Thursday, July 13, 2006

Genuinely Shameless Self-Promotion

If you or anyone you know will be in Des Moines between July 20th and 23rd, or in Minneapolis/St. Paul between August 3rd and 7th, we’re well worth the trouble of coming to see our performances in the Iowa and Minneapolis Fringe Festivals. And we need you there! Though the Fringe setup is ideal for out-of-town ensembles (since the whole festival and its program are well-advertised), we’re still going to perform in cities where almost nobody has ever heard of us.

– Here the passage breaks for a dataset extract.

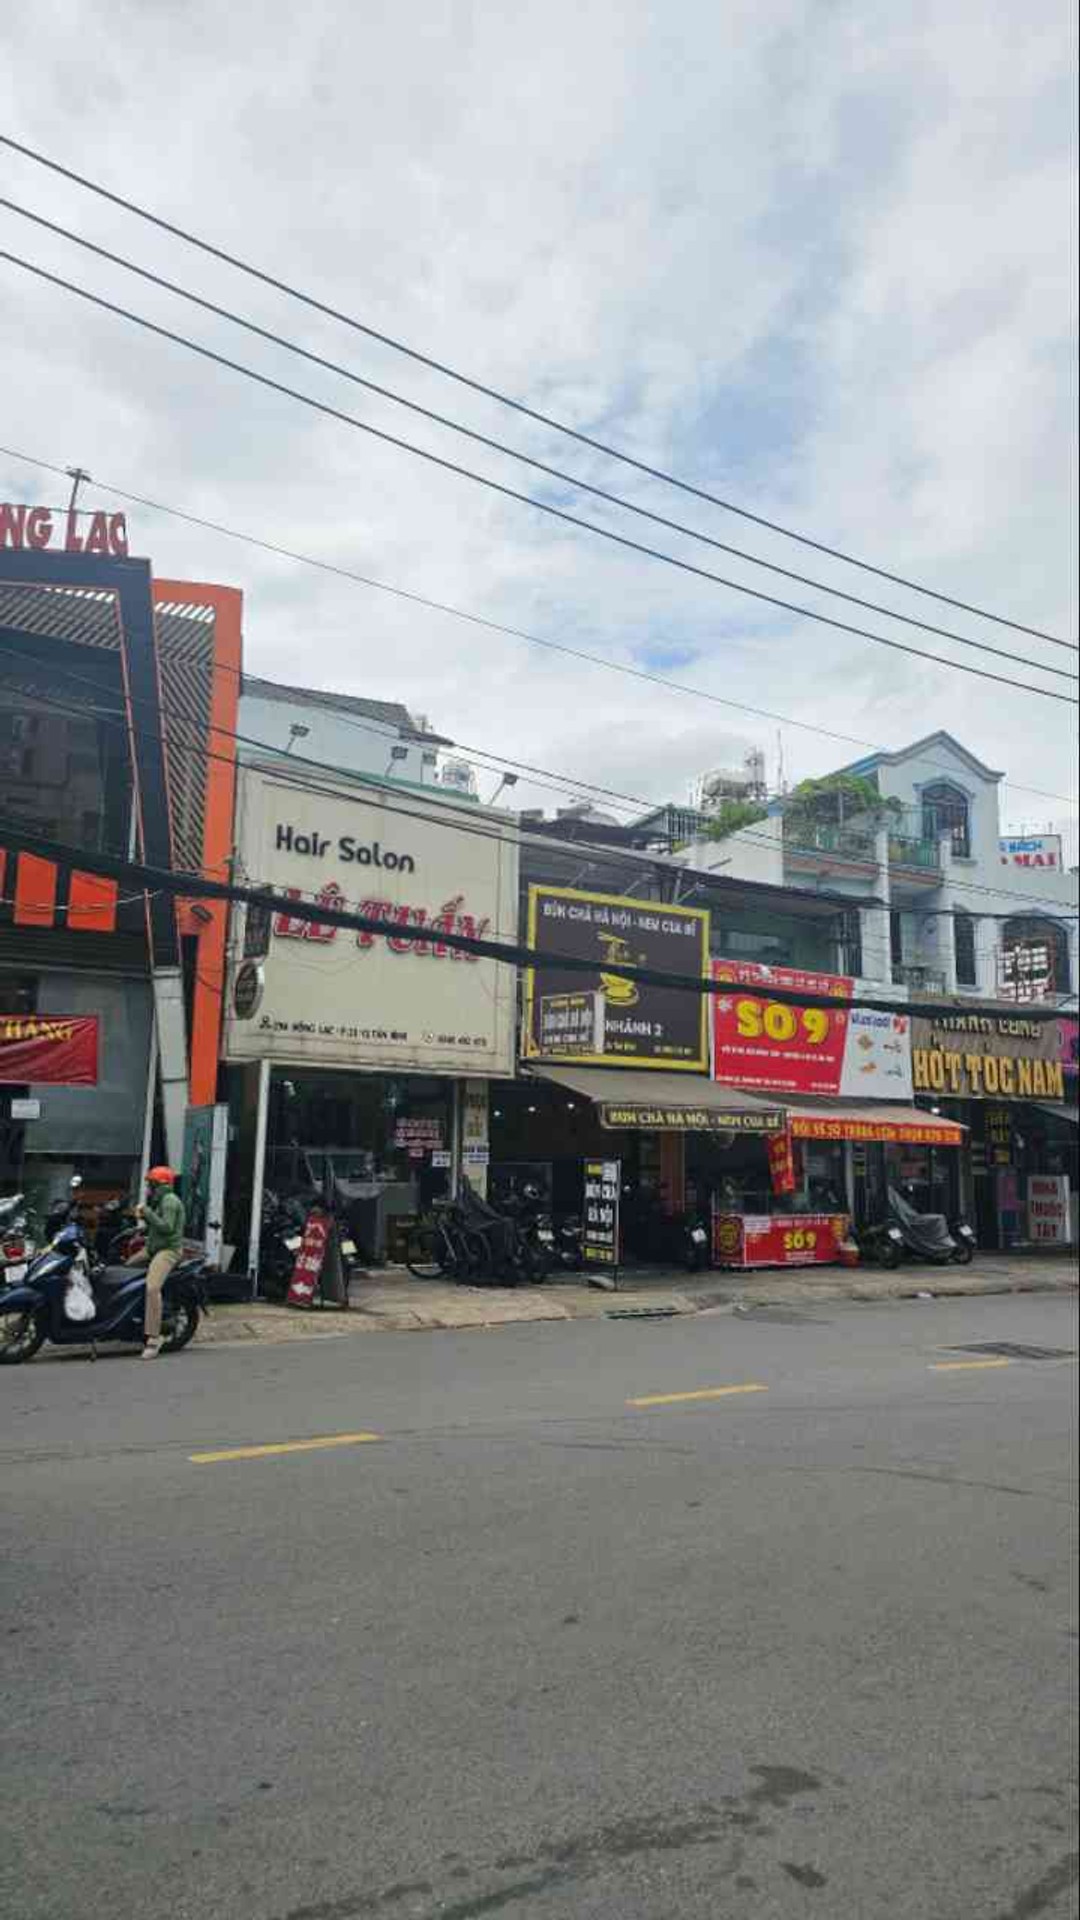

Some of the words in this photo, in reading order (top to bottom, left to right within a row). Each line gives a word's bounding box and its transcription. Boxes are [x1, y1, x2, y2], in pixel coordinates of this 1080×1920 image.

The Nonsense Company, the theater and avant-garde music group of which I make up one-third, will be performing three works by our main composer/playwright, Rick Burkhardt—one of my favorite artists. In Des Moines, we’ll do The Climb Up Mount Chimborazo, a 90-minute play centered around the relationship between Simon Bolivar (who led the campaign that freed South America from Spain before being brought down by local aristocracies) and his tutor, Don Simon Rodriguez/Robinson. This summary doesn’t begin to scratch the surface of the wide variety of topics, historical periods (including the present), and theatrical modes that make up the substance of the play. You can find out more about it by clicking the link above (the whole script is online), and also by reading my review of it in an earlier post.

In Minneapolis, we’ll perform two pieces. The first is Great Hymn of Thanksgiving for three speaking percussionists. Seated around a dinner table setup (with additional cymbals, bowed autoharp, toy piano and steel drum), the players perform an intricate score that negotiates between a rich array of odd noises and a battery of intriguing speech techniques, all in shifting and precise coordinations and in the context of the war in Iraq. No-one I've talked to who's heard this piece thinks there's anything like it.

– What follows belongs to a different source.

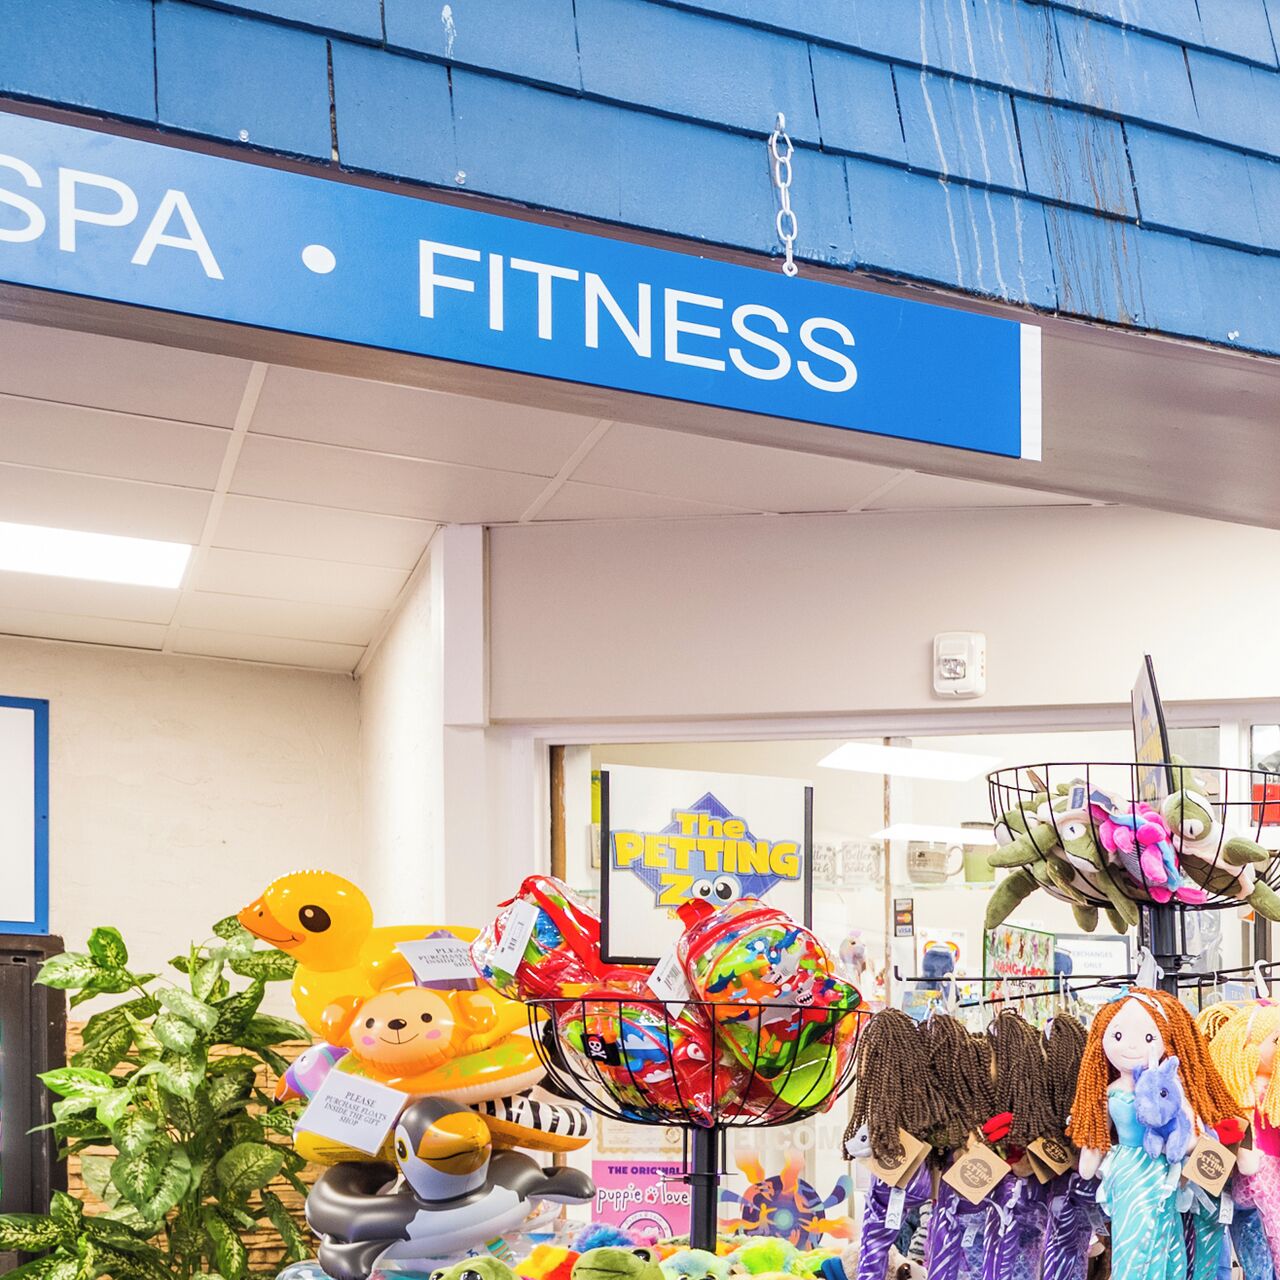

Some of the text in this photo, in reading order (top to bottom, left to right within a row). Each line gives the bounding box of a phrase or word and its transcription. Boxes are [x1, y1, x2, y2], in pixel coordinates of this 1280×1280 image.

Conversation Storm is more like a play. Three old high school classmates have an argument about torture, in the course of which they’re drawn into acting out absurd scenarios that raise the question of whether the argument itself represents a horrifying complicity with the current administration’s absolute disregard for human life. Slipping in and out of character, their repeated rehearsals and retakes of their own performance form a troubling counterpoint to the staged argument.

I think these are standout pieces that really need to be seen. Also, my compatriots are damn fine actors.

A warning: Chimborazo contains dimly lit nudity and “explicit language.” Great Hymn features a number of noises (like forks screeching on plates) that may cause you to cringe. Conversation Storm is deeply troubling and often genuinely revolting.

P.S. I'm rehearsing constantly for these performances, so please forgive me if I take an inexcusable amount of time to comment on your recent long narrative poem, or fail to leave sufficiently witty comments on your blog, or start quoting Jay Bybee's "torture memo."